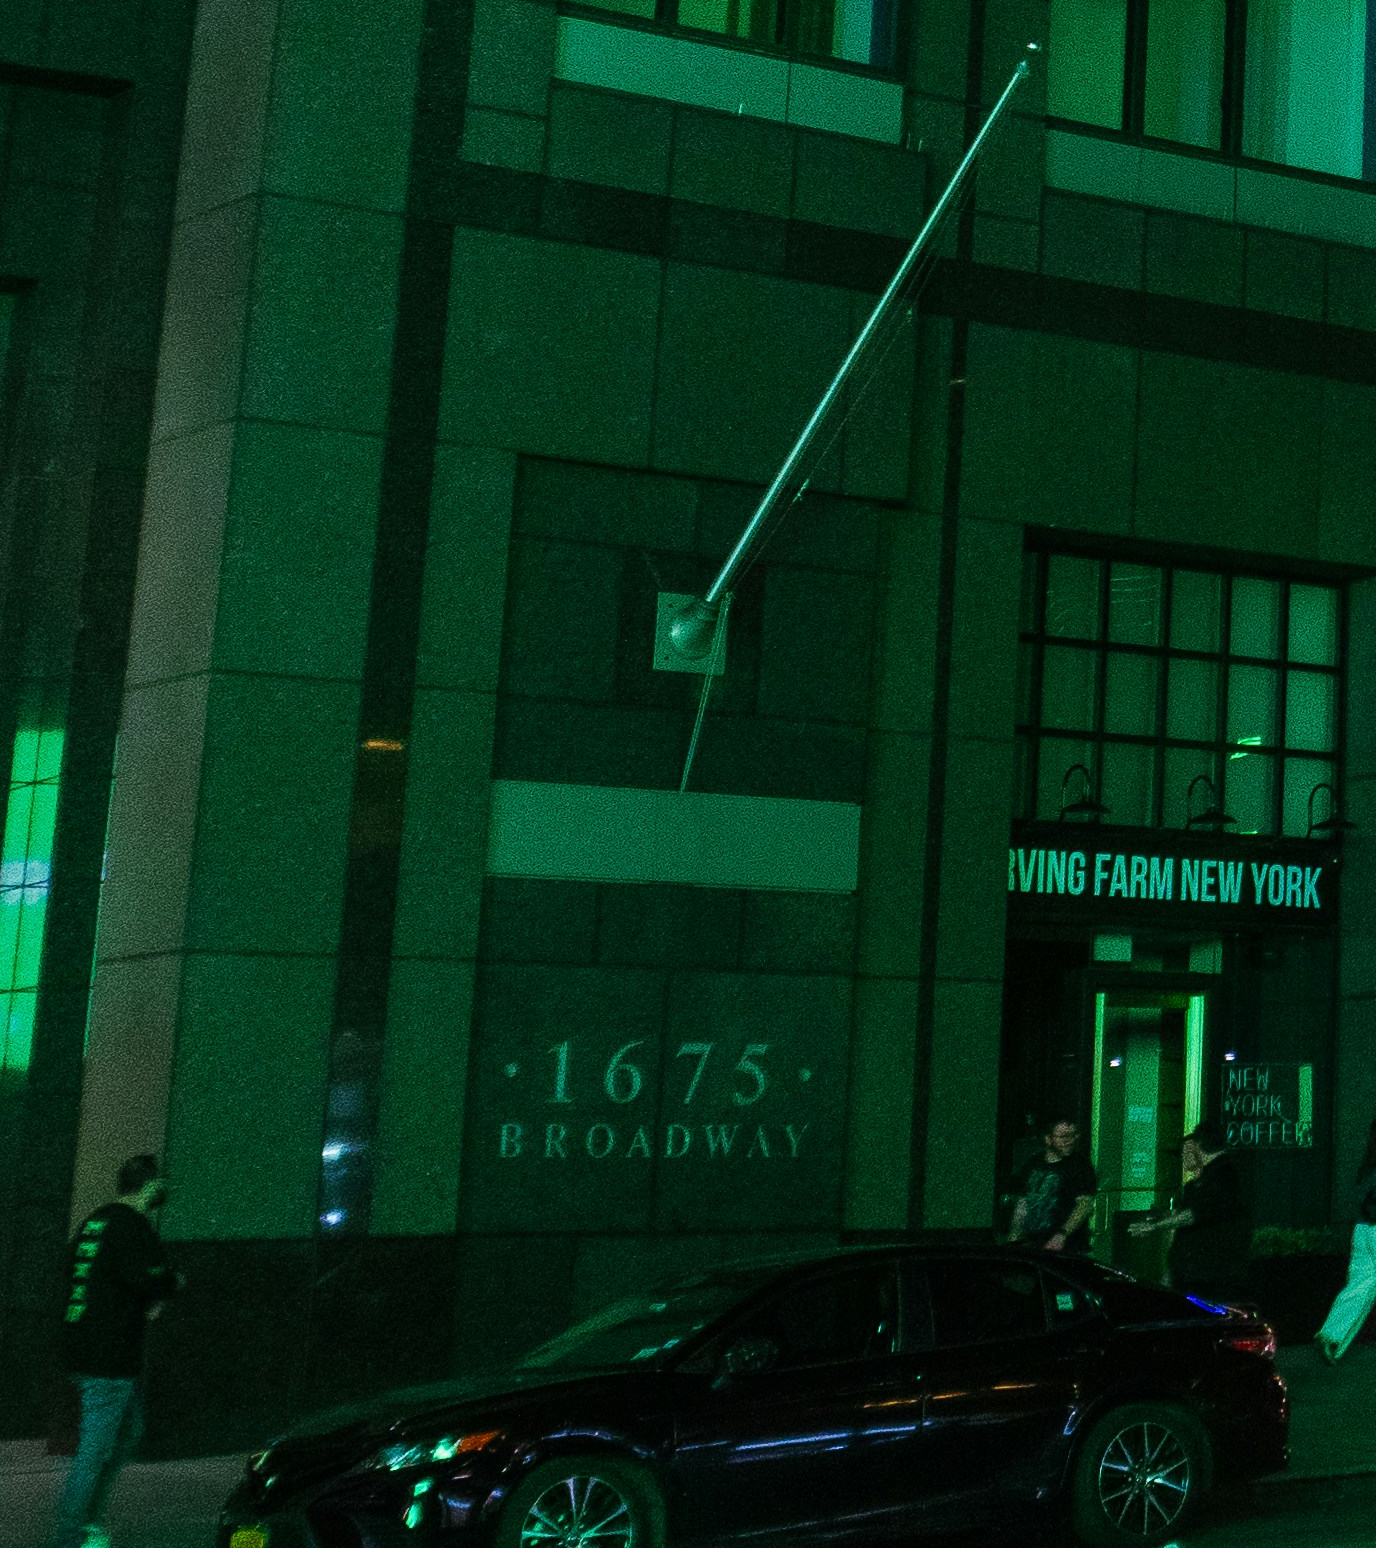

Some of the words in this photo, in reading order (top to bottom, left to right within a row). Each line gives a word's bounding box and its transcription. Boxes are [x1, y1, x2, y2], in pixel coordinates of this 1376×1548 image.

[1094, 853, 1173, 900] FARM
[1180, 858, 1243, 904] NEW
[1250, 862, 1323, 909] YORK
[545, 1039, 768, 1106] 1675
[1227, 1067, 1270, 1091] NEW
[1225, 1094, 1282, 1116] YORK
[499, 1122, 809, 1158] BROADWAY
[1226, 1121, 1313, 1147] COFFEE

Task to carry out
Set out every record exactly, images excluded.

Solution to the problem
Some of the words in this photo, in reading order (top to bottom, left to right within a row). Each line gives a word's bounding box and its transcription. Boxes are [x1, y1, x2, y2], in pixel coordinates of this 1376×1548 image.

[1094, 853, 1173, 900] FARM
[1180, 858, 1243, 904] NEW
[1250, 862, 1323, 909] YORK
[545, 1039, 768, 1106] 1675
[1227, 1067, 1270, 1091] NEW
[1225, 1094, 1282, 1116] YORK
[499, 1122, 809, 1158] BROADWAY
[1226, 1121, 1313, 1147] COFFEE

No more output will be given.